Multiple networks modules identification by a multi-dimensional Markov chain method

Abstract

As a general approach to study interactions among small biological molecules such as genes and proteins, network analysis has aroused great interest of people from various research disciplines. However, the construction of network is usually quite sensitive to noise which is unavoidable in real data. Besides, the parameter selections for network construction can also affect the result significantly. These two factors largely decrease the consistency of results generated in network analysis. In particular, we consider detecting closely connected subgraphs named module structure. As an important common property of biological networks, this module structure is often destroyed corrupted by both noise and poor parameter selections in network construction. To conquer these two disadvantages to improve the consistency of module structure identified, we propose to process multiple networks for same set of biological molecules simultaneously for common module structure. More specifically, we combine multiple networks together by building an order 3 tensor data with each layer as one of the multiple networks.

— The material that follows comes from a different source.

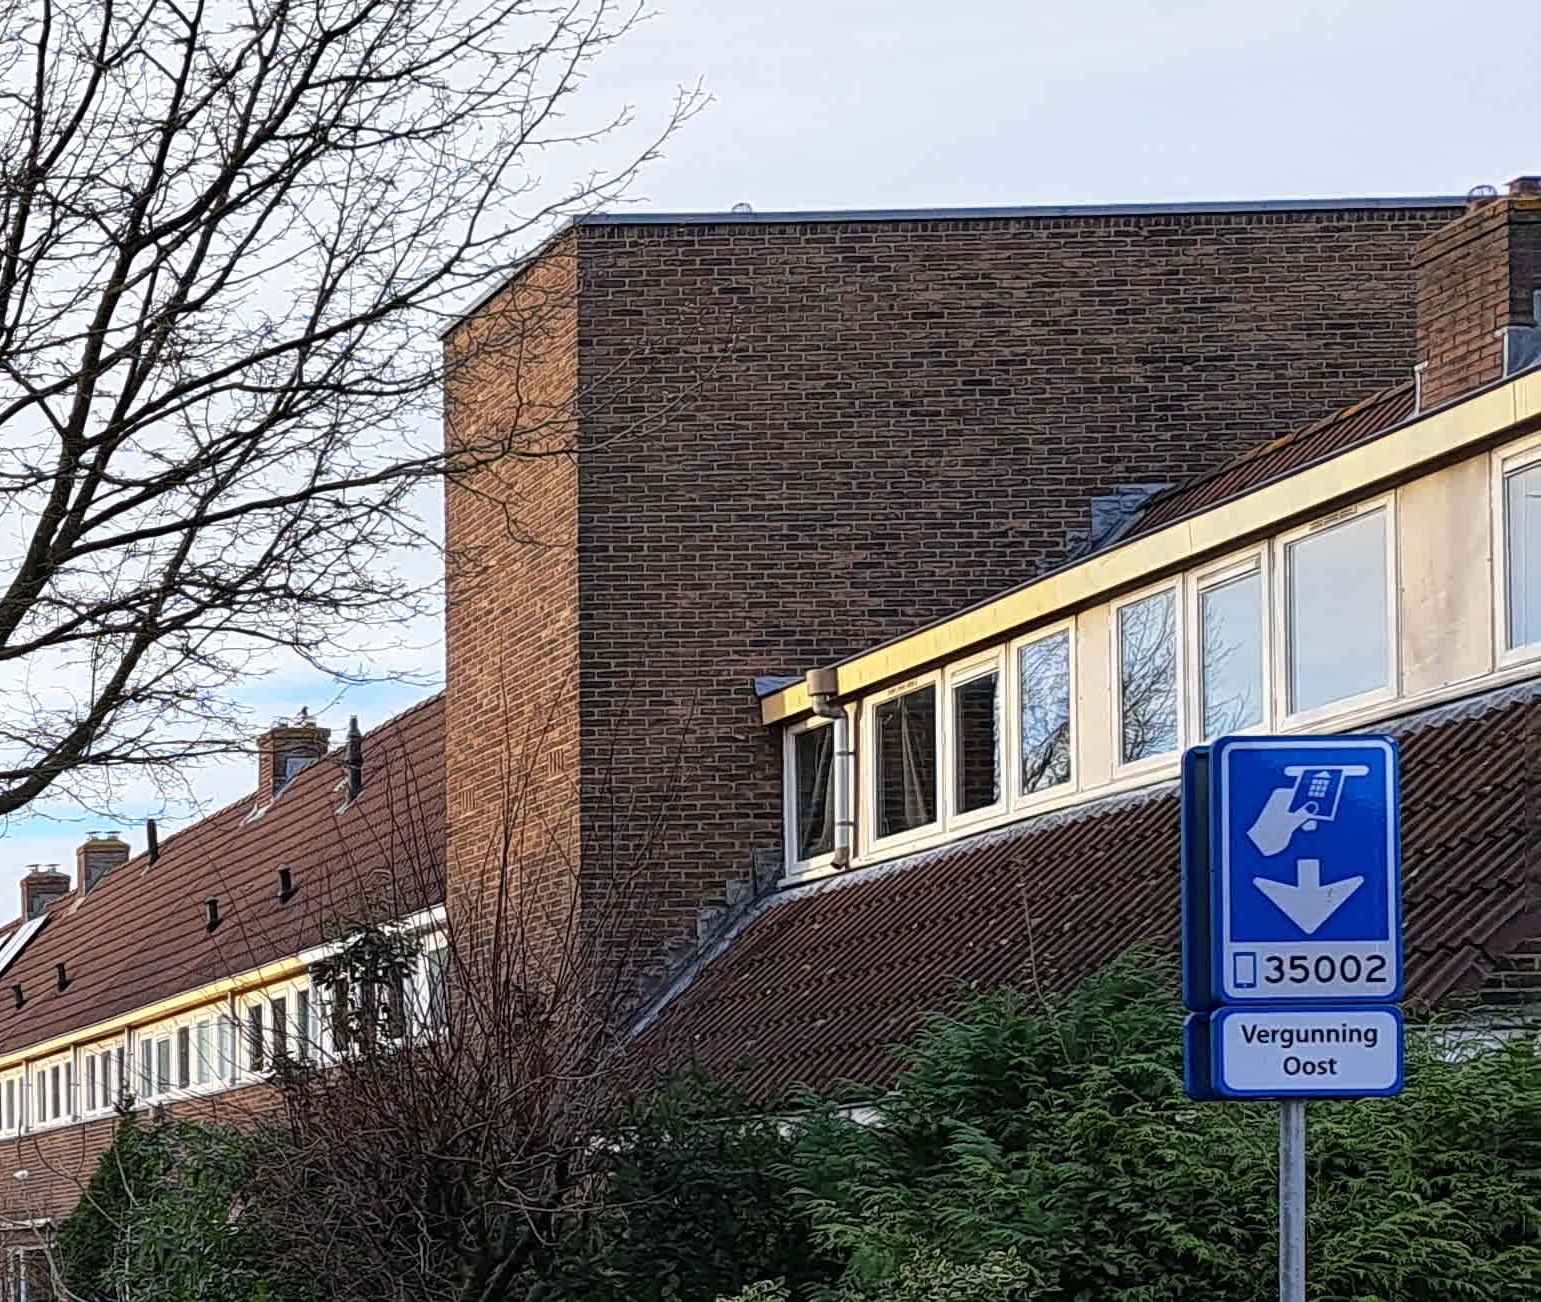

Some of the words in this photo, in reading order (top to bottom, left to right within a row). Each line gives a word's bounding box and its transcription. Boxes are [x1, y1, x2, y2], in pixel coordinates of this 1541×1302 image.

[1264, 954, 1387, 984] 35002
[1240, 1023, 1378, 1049] Vergunning
[1283, 1056, 1337, 1076] Oost

Then given any molecule(s) as prior information, a novel tensor-based Markov chain algorithm is proposed to iteratively detect the module that includes the prior node. Moreover, the proposed algorithm is capable of evaluating the contribution scores of each network to the detected module structure. The contribution scores from multiple networks can be not only useful criteria to measure the consistency of module structure, but also valid indicator of corruption in networks. To demonstrate the effectiveness and efficiency of the proposed tensor-based Markov chain algorithm, experimental results on synthetic data set as well as two real gene co-expression data sets of human beings are reported. We also validate that the identified common modules are biologically meaningful.

Appendix

Let us first consider the following lemma:

Lemma 1

$$\begin{aligned} \sum ^{n_1}_{i=1}[\mathbf {M_1}]_{i,k} = 1 \nonumber , \quad \ \sum ^{n_2}_{i=1}[\mathbf {M_2}]_{i,k} = 1 \nonumber \end{aligned}$$

Proof

$$\begin{aligned} \sum ^{n_1}_{i=1}[\mathbf {M_1}]_{i,k}=\sum ^{n_1}_{i=1}[\mathcal {A}^{(1)}\times _2 \mathbf {x}]_{i,k}=\sum ^{n_{1}}_{j=1}a_{i,j,k}x_{j} \end{aligned}$$

$$\begin{aligned} \sum ^{n_{1}}_{i=1}[\mathbf {M_1}]_{i,k}= & {} \sum ^{n_{1}}_{i=1}\sum ^{n_{1}}_{j=1}a_{i,j,k}x_{j} = \sum ^{n_{1}}_{j=1} \left( \sum ^{n_{1}}_{i=1}a_{i,j,k}x_{j} \right) =\sum ^{n_{1}}_{j=1}x_{j}=1 \end{aligned}$$

we also easy get \(\sum ^{n_2}_{i=1}[\mathbf {M_2}]_{i, k}=1\) via the similar way. \(\square\)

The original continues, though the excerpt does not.